Les ventes directes aux consommateurs se portent plutôt bien, surtout quand on a 500 000 abonnés. Pour le reste, c’est la crise malgré les incantations. « 2024, année de la promotion de la consommation », dit le slogan affiché à l’entrée de l’évènement. Autant mouliner dans le vide, sachant que pour l’instant, les foyers chinois continuent de s’accrocher à leur montagne d’épargne accumulée pendant la pandémie.

En France, on arrache des vignes et en Chine on fait des stocks, résume un exposant. Un phénomène vite compris par Victor Mercadier, dont les bouteilles « vinpressionnistes » portent des étiquettes avec les toiles de grands peintres. C’est la première fois en Chine pour cet exploitant installé dans le Languedoc et issu de la 4e génération d’une famille de viticulteurs. « J’essaie d’exprimer le profil organoleptique du vin à travers l’expression de la peinture », répond-t-il aux visiteurs intéressés par les vins du stand Occitanie, région présente là aussi en force sur le salon cette année. « Le marché chinois est déprimé », confie aussi le nouveau venu qui a pris la mesure des difficultés avant d’arriver.« Il y a une contraction de la consommation comme dans de nombreux pays d’Asie. Il y a aussi des problèmes de stock. Certains distributeurs ont accumulé des stocks très importants et il y a eu le Covid derrière, donc ils se sont retrouvés avec beaucoup de bouteilles sur les bras. À un moment donné, il faut les sortir ! Il n’y a pas de magie, il faut casser les prix ! »

Avec ses belles étiquettes et de courtes vidéos en costumes tournées par les élèves de l’école cinéma de Montpellier sur le thème là encore de la peinture, Victor Mercadier espère attirer les importateurs chinois autour d’un concept mêlant l’œnologie à la culture. Il projette aussi d’inviter ses futurs clients dans le domaine familial en France. La France a une identité viticole très forte.
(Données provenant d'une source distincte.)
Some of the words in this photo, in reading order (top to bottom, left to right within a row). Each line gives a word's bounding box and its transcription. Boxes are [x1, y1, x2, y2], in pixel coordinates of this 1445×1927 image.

C’est cela aussi que recherchent les Chinois, même si une partie de la clientèle s’est repliée sur les vins du Nouveau Monde d’accès moins compliqué. « On aime aller chercher les nouveaux consommateurs, là où on ne nous attend pas forcément », indique Mathias Icard, représentant l’AOC Bordeaux entre-deux-mer. Sur son stand, des vins blancs frappés d’un grand smiley. « Le produit est sorti il y a trois ans en France, on voulait rendre le vin français plus simple et plus accessible. On va aussi essayer d’adapter notre gamme au public chinois en cherchant beaucoup plus de gourmandise, de rondeur, de sucrosité. »   
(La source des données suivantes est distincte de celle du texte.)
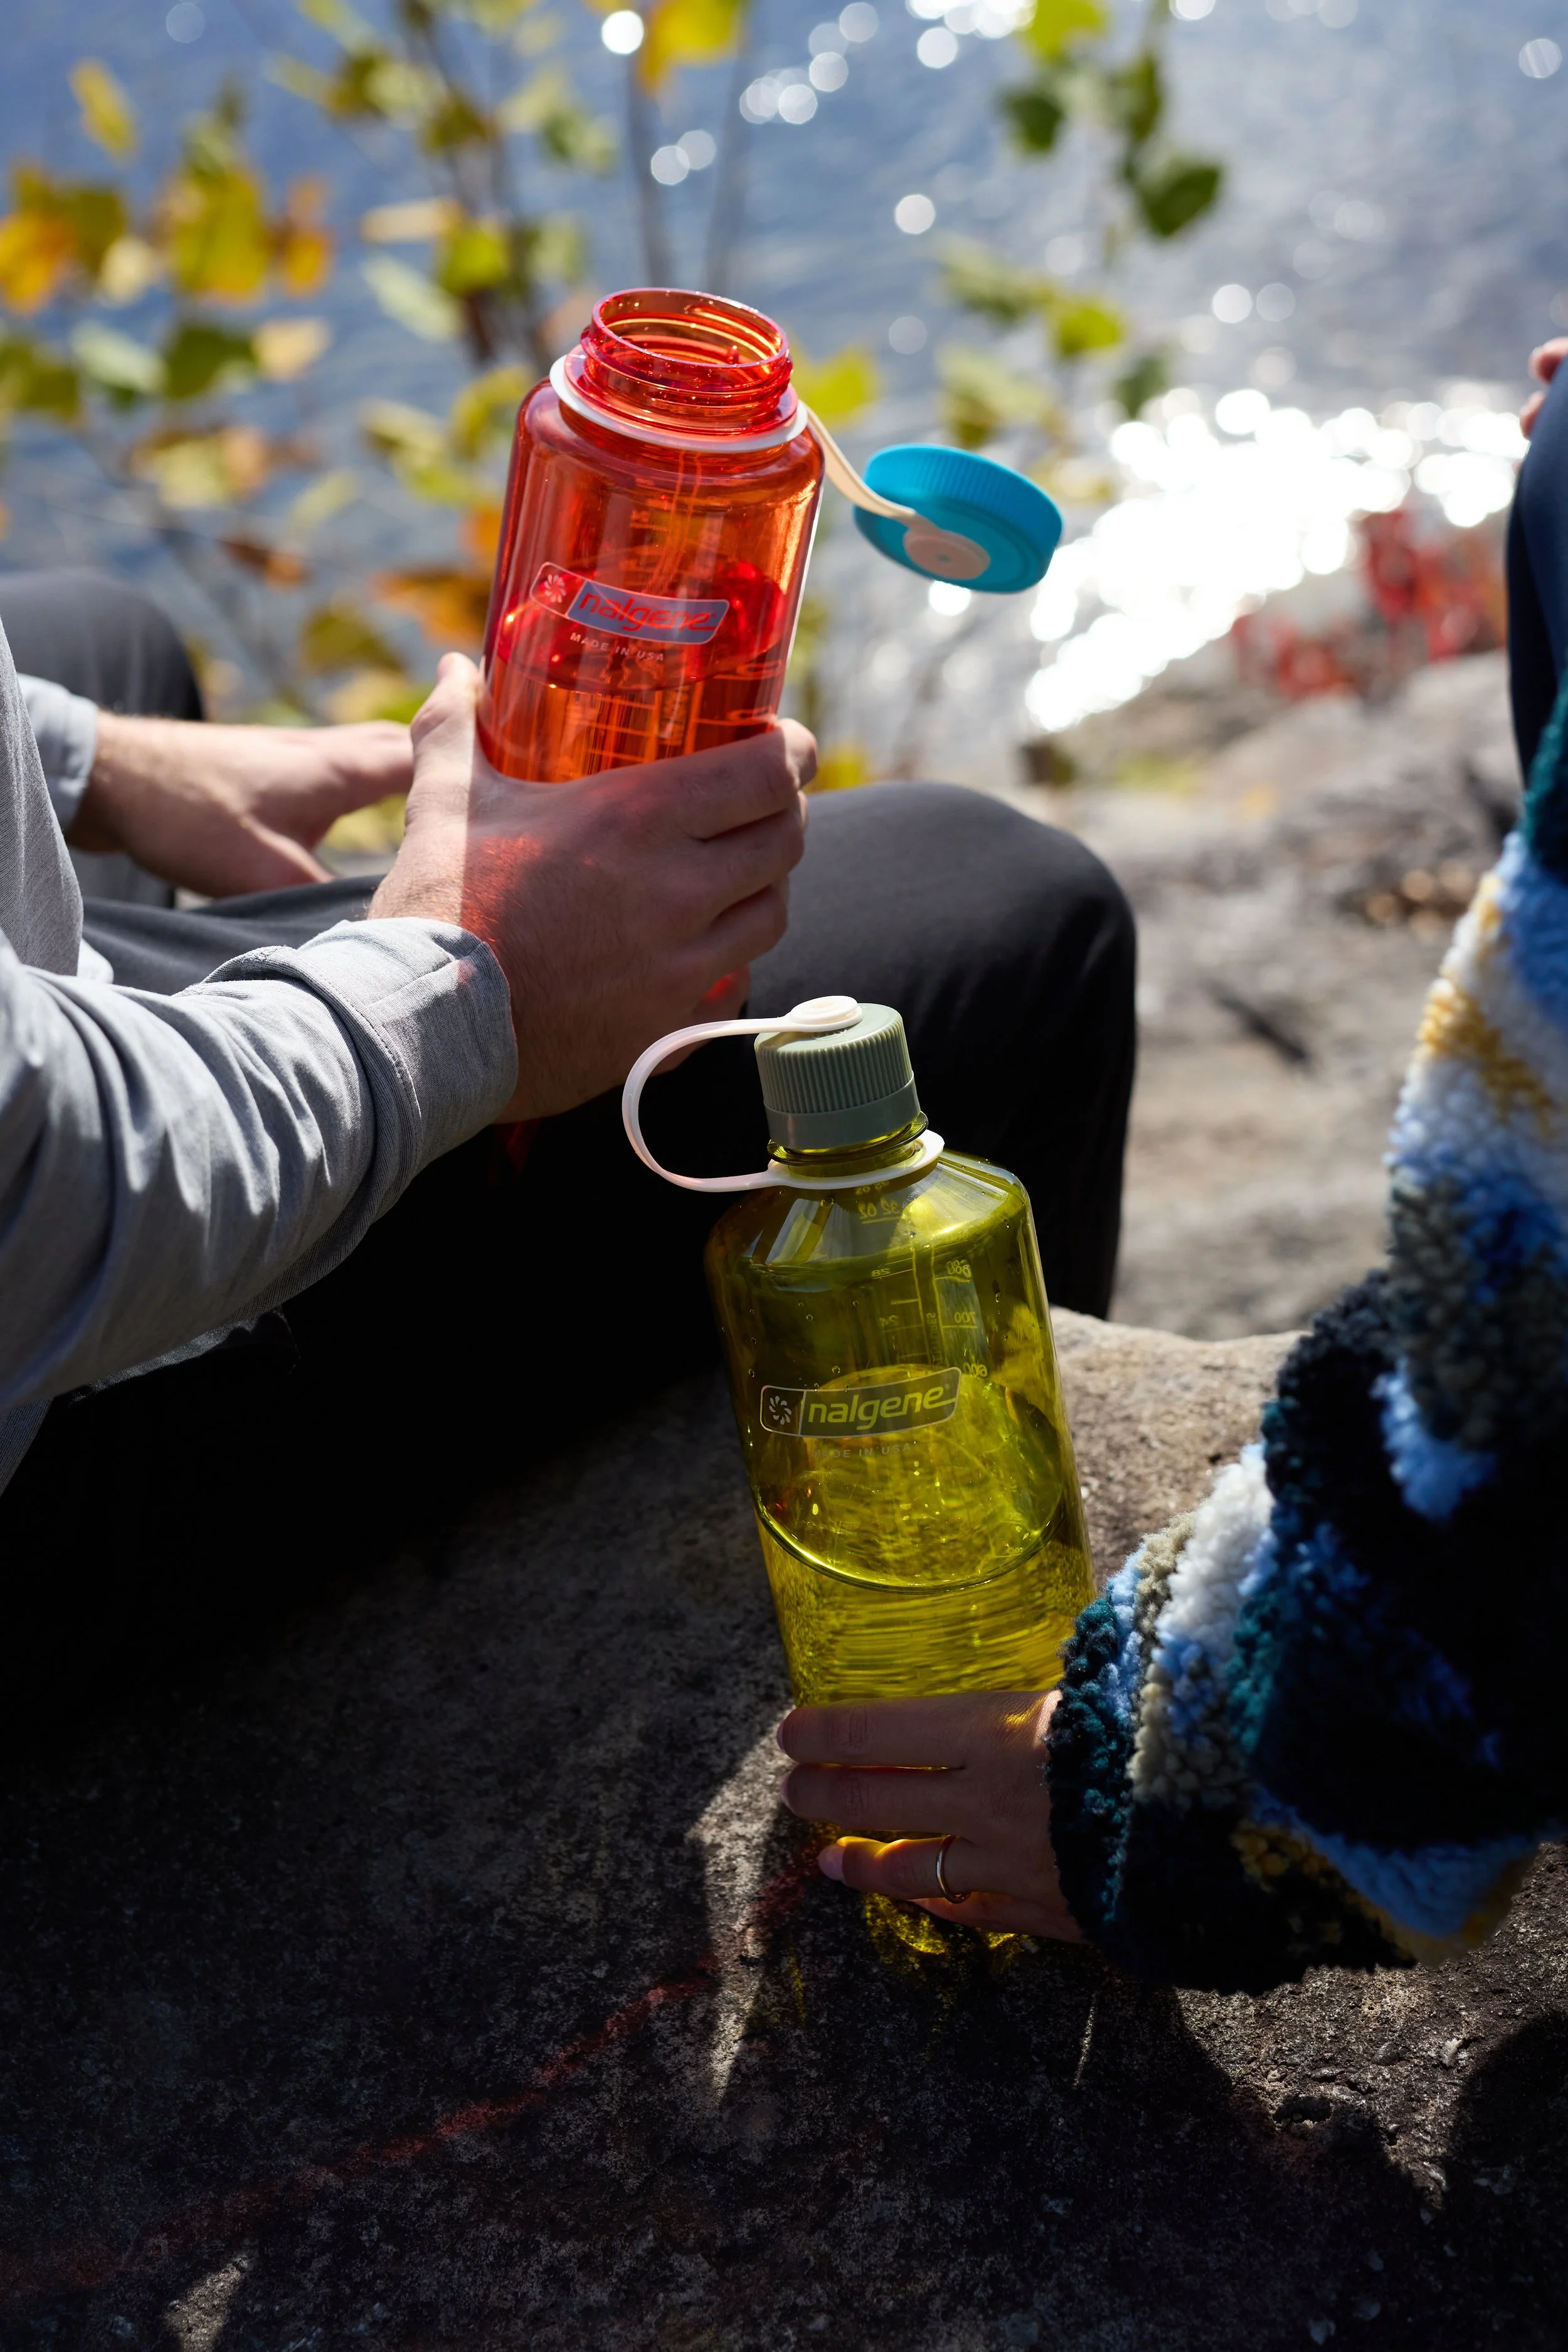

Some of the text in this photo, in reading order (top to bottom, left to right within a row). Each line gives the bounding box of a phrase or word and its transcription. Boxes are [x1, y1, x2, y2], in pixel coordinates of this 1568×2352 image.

[579, 593, 717, 632] nalgene
[569, 632, 664, 661] MADE IN USA
[807, 1386, 956, 1430] nalgene
[812, 1442, 911, 1459] MADE IN USA
L’art de l’étiquette à la foire aux vins de Chengdu.
L’art de l’étiquette à la foire aux vins de Chengdu. © Stéphane Lagarde/RFI

Professionnalisation du marché 

La crise que traverse le secteur est l’occasion de se renouveler, disent ces vignerons passionnés. « Nous n’avons pas arrêté de travailler avec nos clients chinois pendant le Covid », tient à rappeler Jean-François Chabod. « Il faut être fier de nos origines françaises », poursuit le directeur export de la maison Jean Loron basée en Sud-Bourgogne. « La bonne nouvelle c’est que le marché chinois continue de se professionnaliser et on a une montée en gamme dans la qualité recherchée. Il faut se battre sur les appellations quel que soit les régions et insister sur la typicité française, dit encore celui qui est revenu trois fois en Chine depuis la réouverture des frontières du pays. » La Chine restant « une priorité pour les producteurs français, même si on est plus dans la configuration d’il y a quelques années ». Sous-entendu, l’eldorado chinois n’est plus. Mais l’appétit pour les bouteilles de qualité devrait revenir.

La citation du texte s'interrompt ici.